Halo everyone, I'm back.. 
Mephisto,
It seems that your are looking more on cardiovascular fitness. Anyway, what would you like to achieve from the selected exercise program?If you choose running/jogging as the mode of exercise, can I know the intensity, duration and frequency of this program?
Yeah. what i would like to achive is overall fitness. as i am doing apnea and as per what dive doc said, doing a specific task with the least amount of effort /stress. apnea is all about O2 economy. so i would like to be able to do a 25 meter dynamic apnea with recovery heart rate (hr) of around 70 bpm. currently at around 90 bpm.
Aiseh...i dont have a specific programe....only what is convinient and available.
jog once a week at : 1.3km brisk walking operating in hr zone 2
1.95km jog operating in hr zone 3
0.65km sprint operating in hr zoe 4
swim 2 times a week at : 2 X 1km operating in hr zone 3
and i dont time myself.
Below is a brief description of HR zone:
The Energy Efficient or Recovery Zone - 60% to 70% HR zone 1
Training within this zone develops basic endurance and aerobic capacity.
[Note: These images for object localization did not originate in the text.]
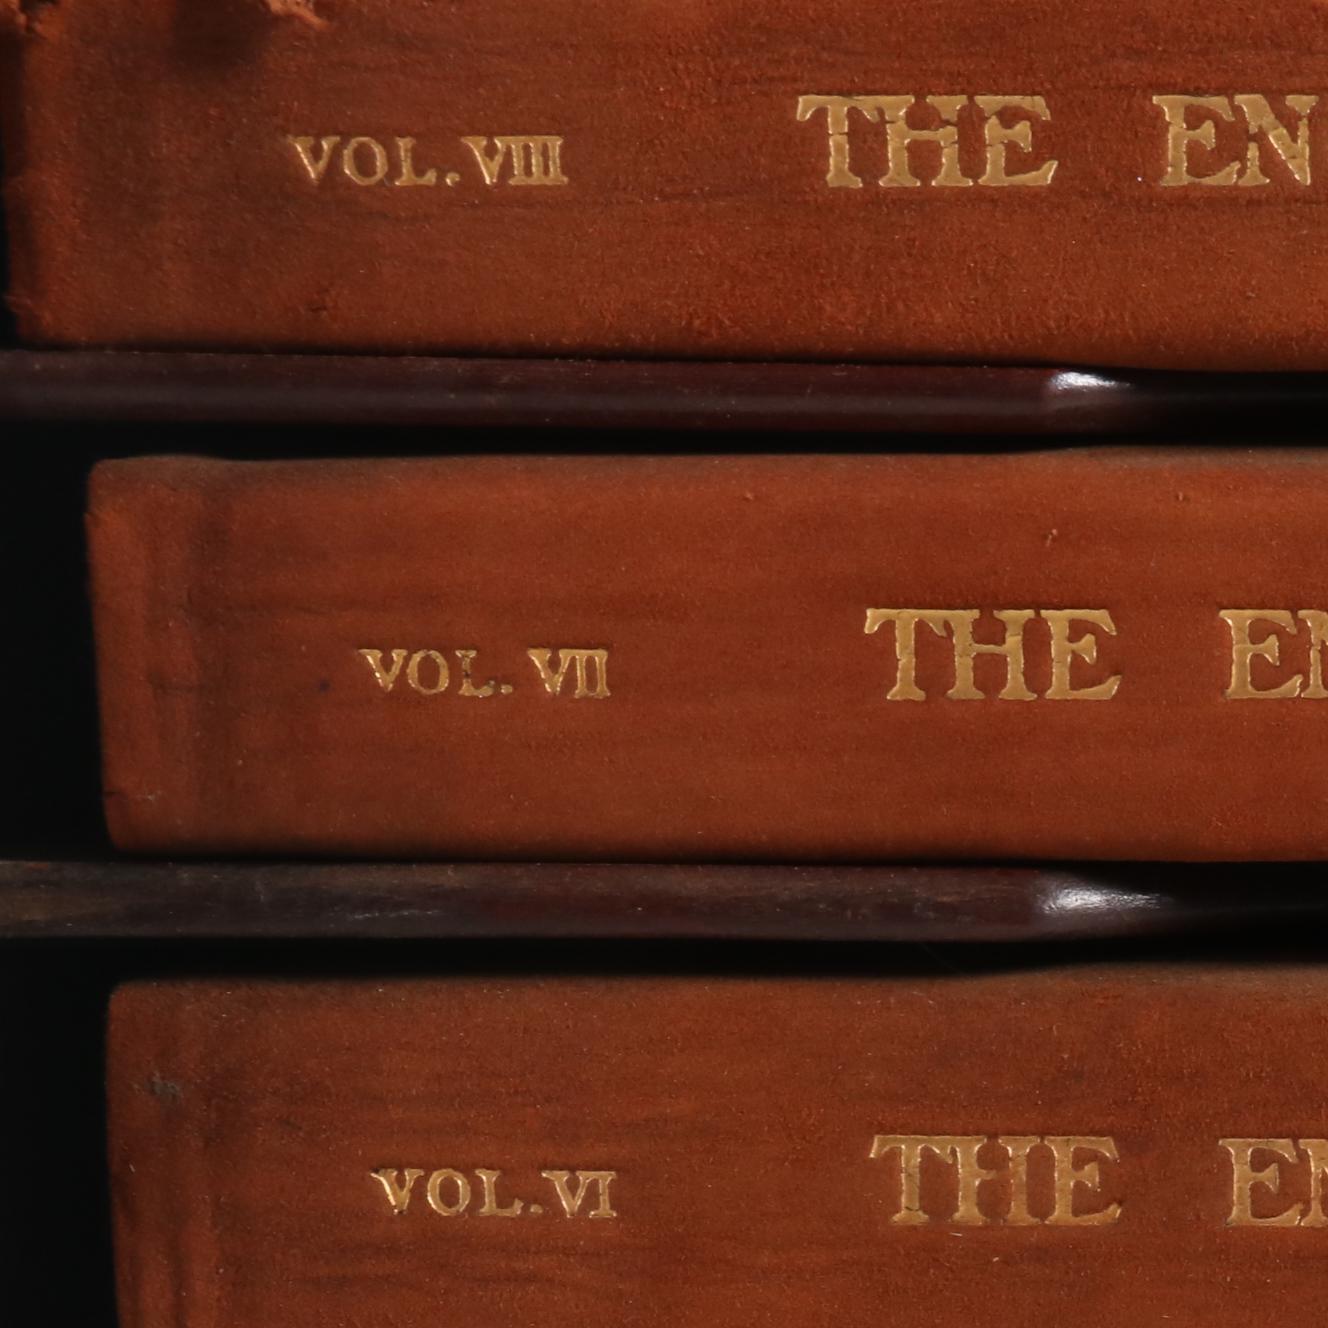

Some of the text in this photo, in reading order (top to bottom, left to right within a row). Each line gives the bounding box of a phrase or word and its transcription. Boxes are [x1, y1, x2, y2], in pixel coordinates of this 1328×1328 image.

[796, 95, 1058, 188] THE
[864, 608, 1121, 700] THE
[869, 1135, 1121, 1227] THE
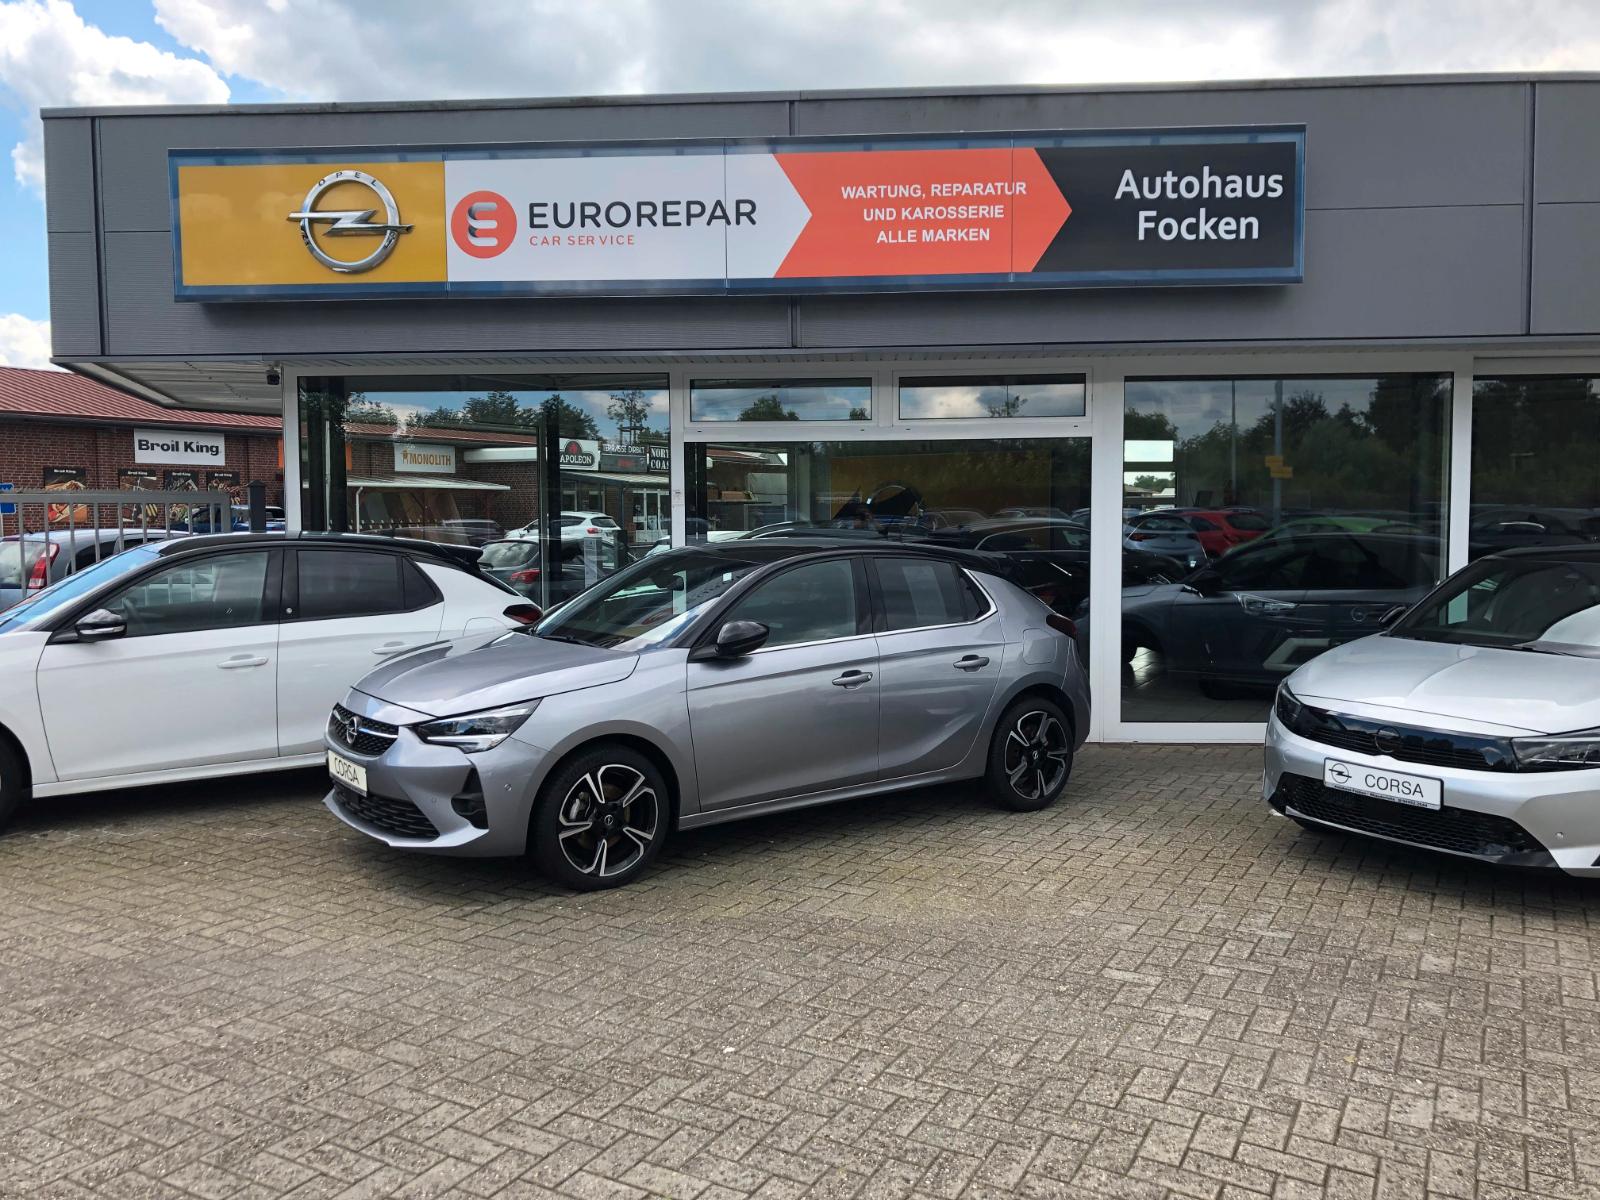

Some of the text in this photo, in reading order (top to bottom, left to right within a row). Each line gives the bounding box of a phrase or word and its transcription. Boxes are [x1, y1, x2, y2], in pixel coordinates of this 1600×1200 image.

[317, 170, 378, 188] OPEL
[1114, 165, 1284, 200] Autohaus
[841, 182, 1027, 200] WARTUNG, REPARATUR
[528, 198, 757, 229] EUROREPAR
[863, 205, 1005, 222] UND KAROSSERIE
[1138, 207, 1259, 241] Focken
[529, 234, 636, 247] CAR SERVICE
[876, 228, 990, 244] ALLE MARKEN
[137, 439, 220, 456] Broil King
[409, 452, 452, 466] MONOLITH
[560, 454, 592, 464] APOLEON
[334, 757, 360, 785] CORSA
[1364, 773, 1424, 799] CORSA
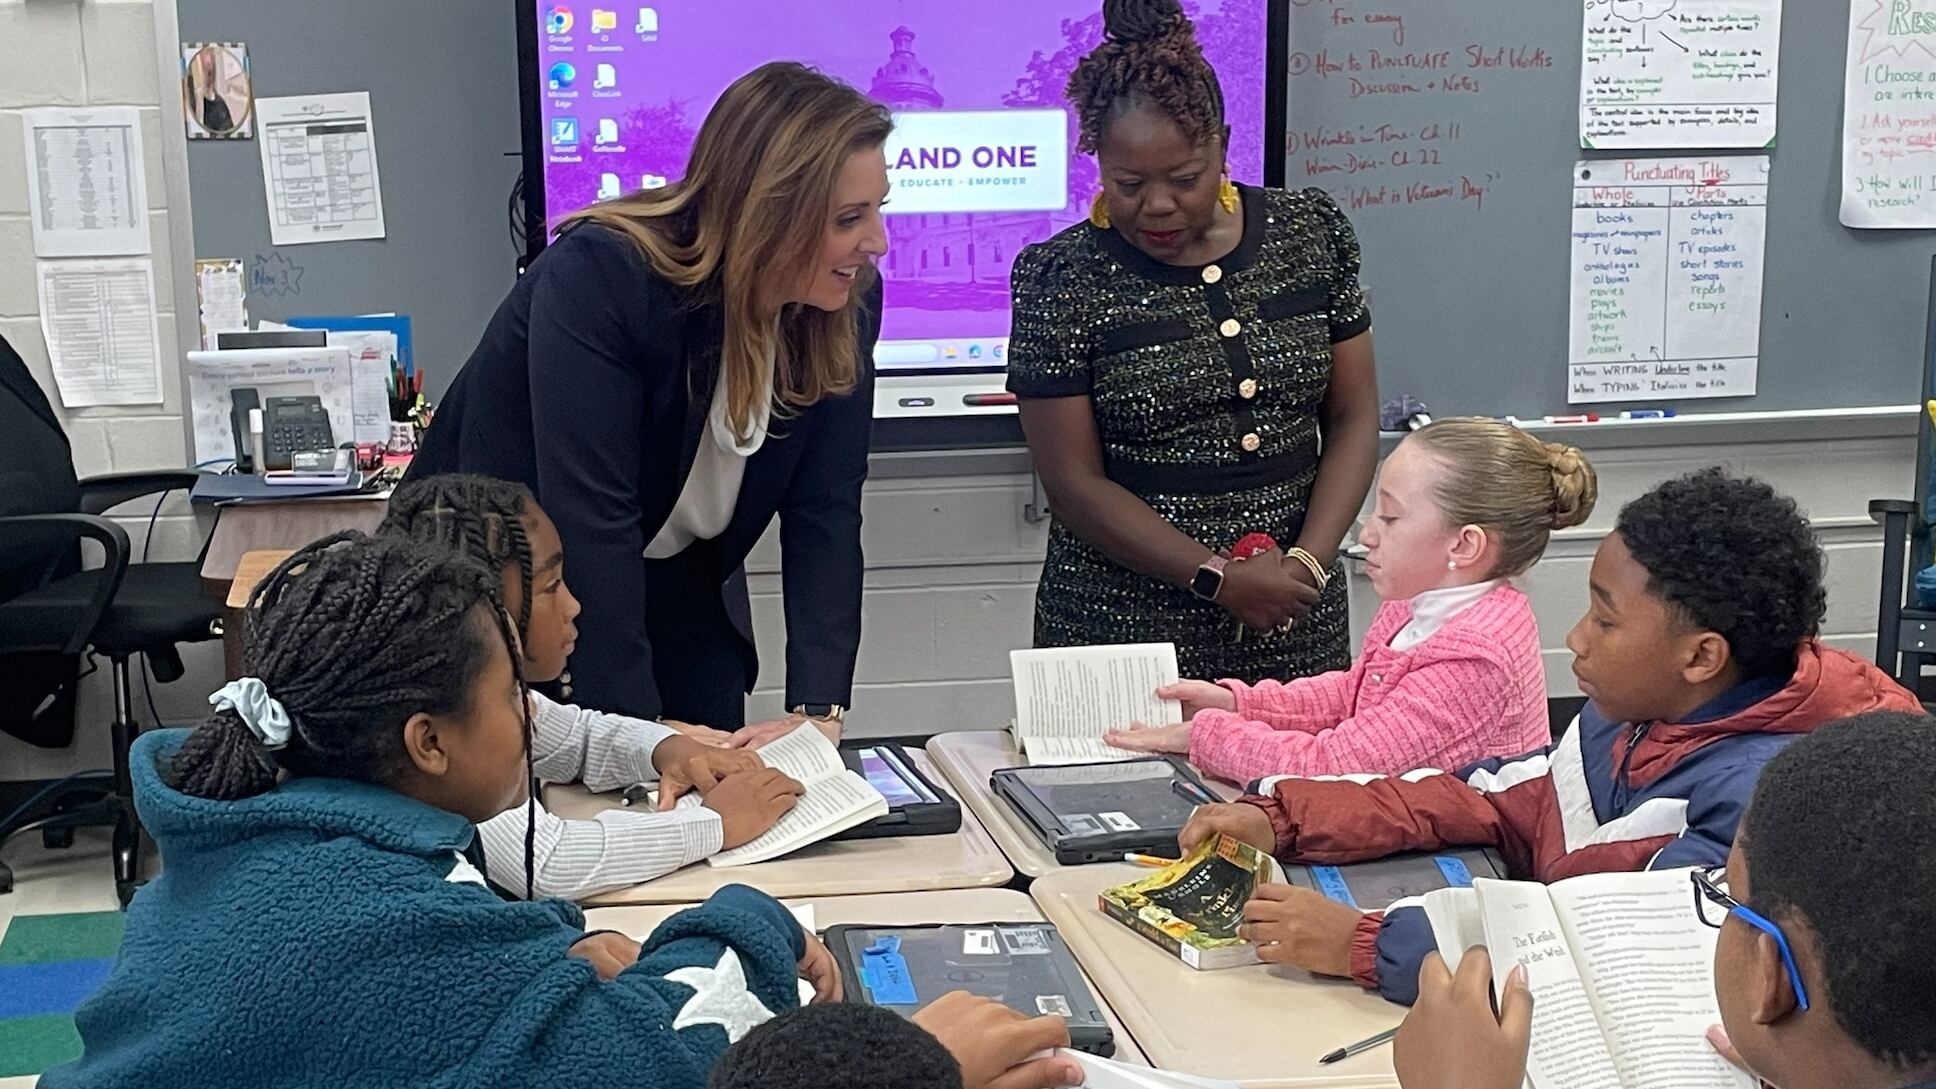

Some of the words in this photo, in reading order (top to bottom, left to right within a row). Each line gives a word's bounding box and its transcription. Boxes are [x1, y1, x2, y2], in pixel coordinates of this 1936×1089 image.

[1331, 8, 1355, 26] for
[1365, 14, 1405, 46] essay
[1620, 26, 1632, 34] the
[1316, 48, 1344, 79] How
[1346, 53, 1362, 71] to
[1466, 44, 1504, 68] Short
[1593, 76, 1610, 84] What
[1875, 64, 1922, 84] Choose
[1348, 75, 1420, 99] Discussion
[1442, 73, 1479, 92] Notes
[1874, 91, 1892, 102] are
[1589, 107, 1602, 116] The
[1604, 108, 1628, 116] central
[972, 146, 1037, 168] ONE
[1418, 149, 1442, 165] 22
[900, 178, 954, 188] EDUCATE
[968, 176, 1027, 186] EMPOWER
[1625, 161, 1695, 193] Punctuating
[1700, 161, 1730, 180] Titles
[1868, 174, 1890, 194] How
[1898, 176, 1922, 190] will
[1592, 186, 1634, 200] Whole
[1697, 186, 1727, 199] Parts
[1596, 210, 1634, 224] books
[1690, 209, 1734, 224] chapters
[1690, 226, 1722, 235] articles
[1592, 242, 1610, 255] TV
[1613, 245, 1638, 256] shows
[1678, 241, 1695, 254] TV
[1698, 244, 1736, 256] episodes
[1680, 260, 1707, 269] short
[1714, 260, 1744, 269] stories
[281, 270, 288, 285] 3
[1593, 274, 1630, 284] albums
[1692, 273, 1720, 286] songs
[1590, 288, 1624, 296] movies
[1691, 284, 1725, 299] reports
[1591, 300, 1616, 312] plays
[1688, 301, 1726, 314] essays
[1588, 311, 1628, 320] artwork
[1574, 367, 1596, 376] When
[1602, 366, 1648, 376] WRITING
[1655, 364, 1690, 374] Underline
[1696, 364, 1708, 372] the
[1574, 382, 1594, 394] When
[1601, 382, 1640, 393] TYPING
[1650, 380, 1688, 391] Italicize
[1512, 936, 1528, 948] The
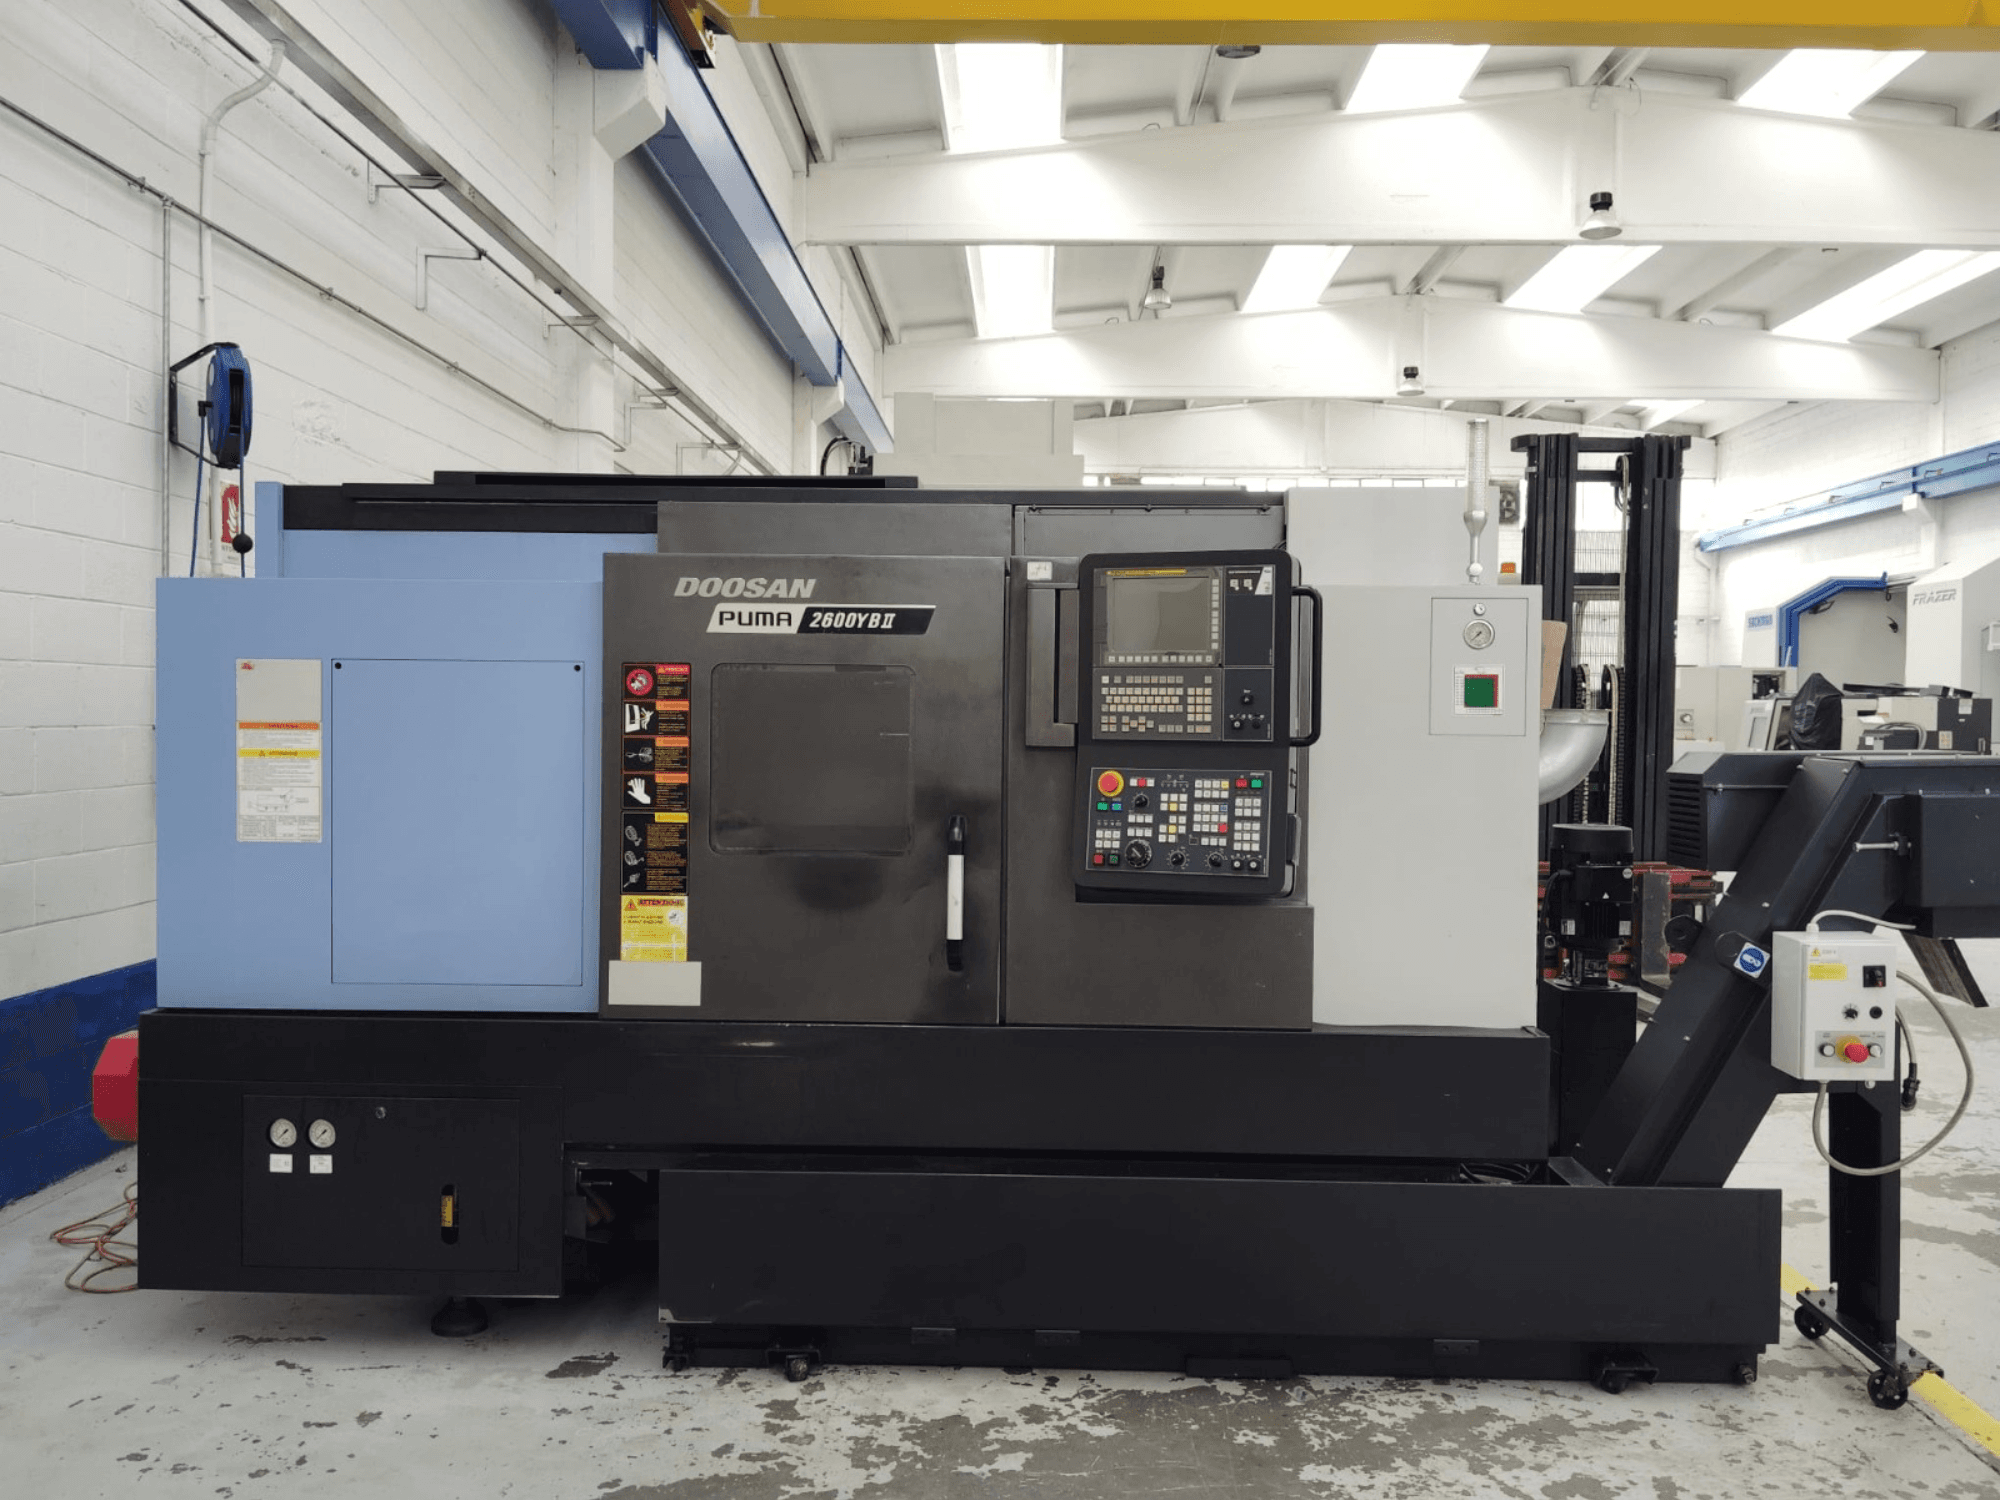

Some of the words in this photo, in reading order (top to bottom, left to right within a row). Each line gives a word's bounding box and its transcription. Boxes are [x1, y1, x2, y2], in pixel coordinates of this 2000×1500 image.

All easy recovery running should be completed at a maximum of 70%. Another advantage to running in this zone is that while you are happily fat burning you may lose weight and you will be allowing your muscles to re-energise with glycogen, which has been expended during those faster paced workouts.
The Aerobic Zone - 70% to 80% HR zone 2
Training in this zone will develop your cardiovascular system. The body's ability to transport oxygen to, and carbon dioxide away from, the working muscles can be developed and improved. As you become fitter and stronger from training in this zone it will be possible to run some of your long weekend runs at up to 75%, so getting the benefits of some fat burning and improved aerobic capacity.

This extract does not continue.